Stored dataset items

--- START ---

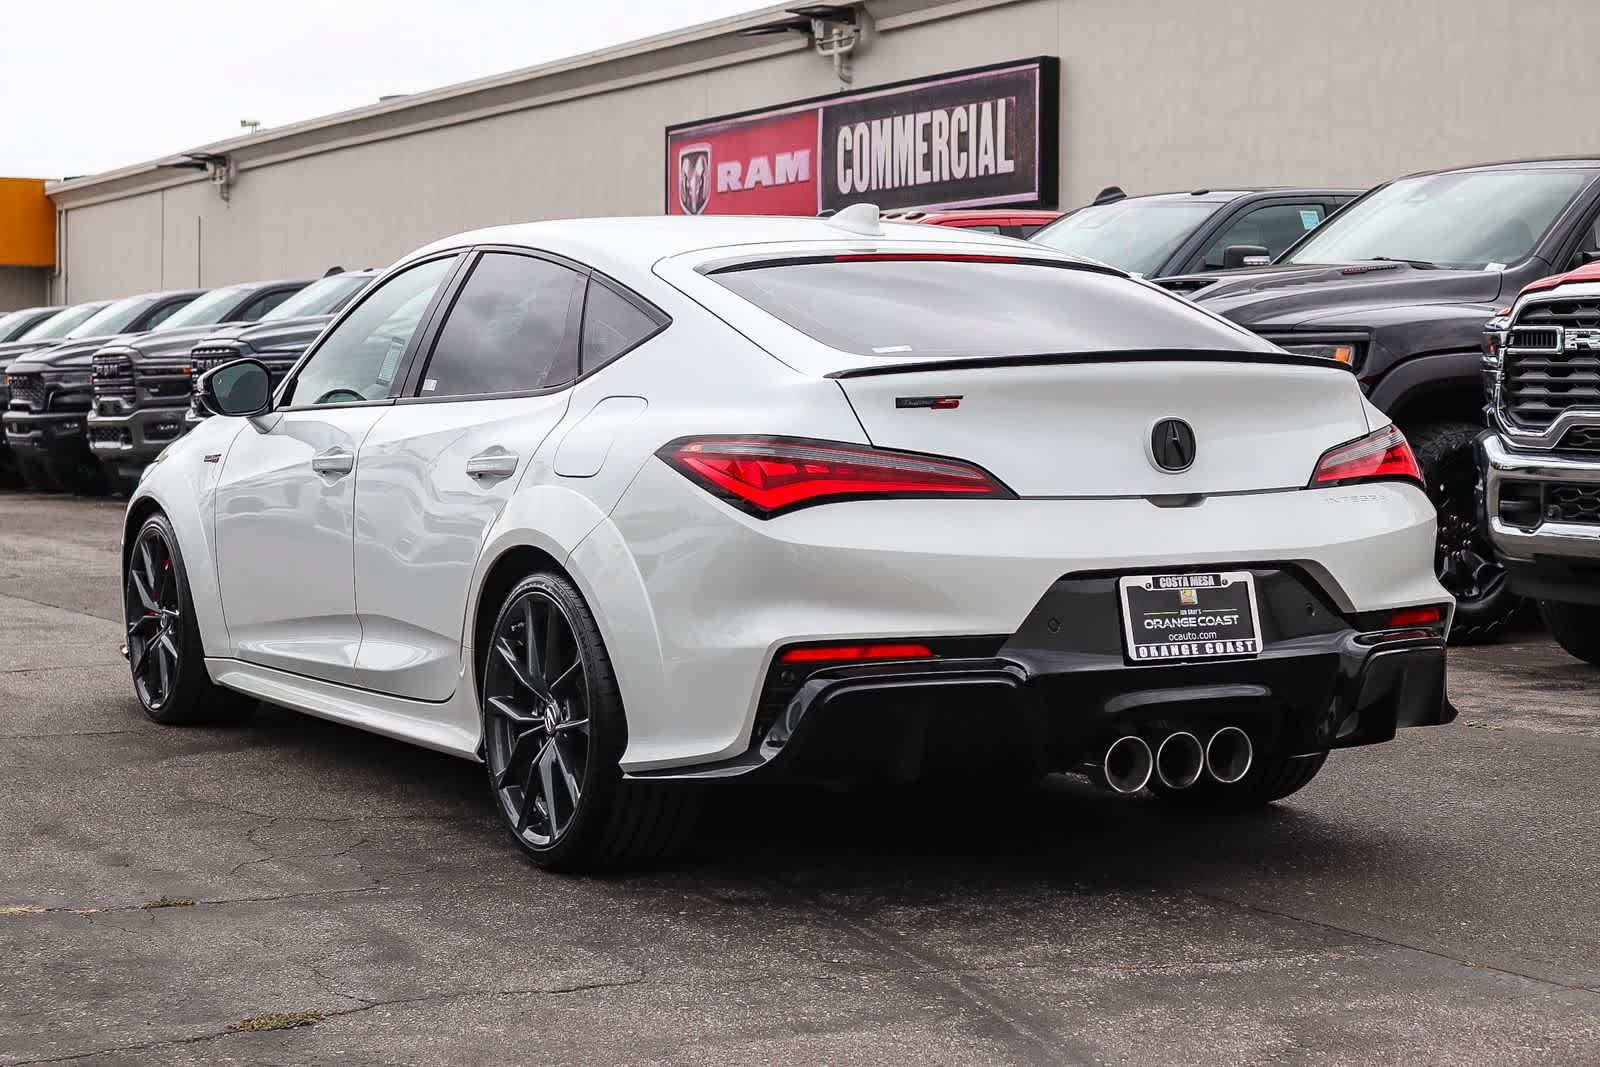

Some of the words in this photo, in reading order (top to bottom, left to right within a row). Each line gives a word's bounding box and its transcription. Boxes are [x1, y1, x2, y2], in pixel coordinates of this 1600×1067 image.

[837, 97, 1015, 194] COMMERCIAL
[717, 149, 811, 193] RAM
[1159, 576, 1189, 588] COSTA
[1190, 575, 1215, 586] MESA
[1144, 616, 1197, 629] ORANGE
[1198, 614, 1239, 627] COAST
[1168, 631, 1217, 641] ocauto.com
[1139, 643, 1199, 658] ORANGE
[1205, 640, 1254, 654] COAST

--- END ---

** Aim of the exercise **
Copy out all the records exactly, excluding pictures.

** Answer box **
Some of the words in this photo, in reading order (top to bottom, left to right within a row). Each line gives a word's bounding box and its transcription. Boxes are [x1, y1, x2, y2], in pixel coordinates of this 1600×1067 image.

[837, 97, 1015, 194] COMMERCIAL
[717, 149, 811, 193] RAM
[1159, 576, 1189, 588] COSTA
[1190, 575, 1215, 586] MESA
[1144, 616, 1197, 629] ORANGE
[1198, 614, 1239, 627] COAST
[1168, 631, 1217, 641] ocauto.com
[1139, 643, 1199, 658] ORANGE
[1205, 640, 1254, 654] COAST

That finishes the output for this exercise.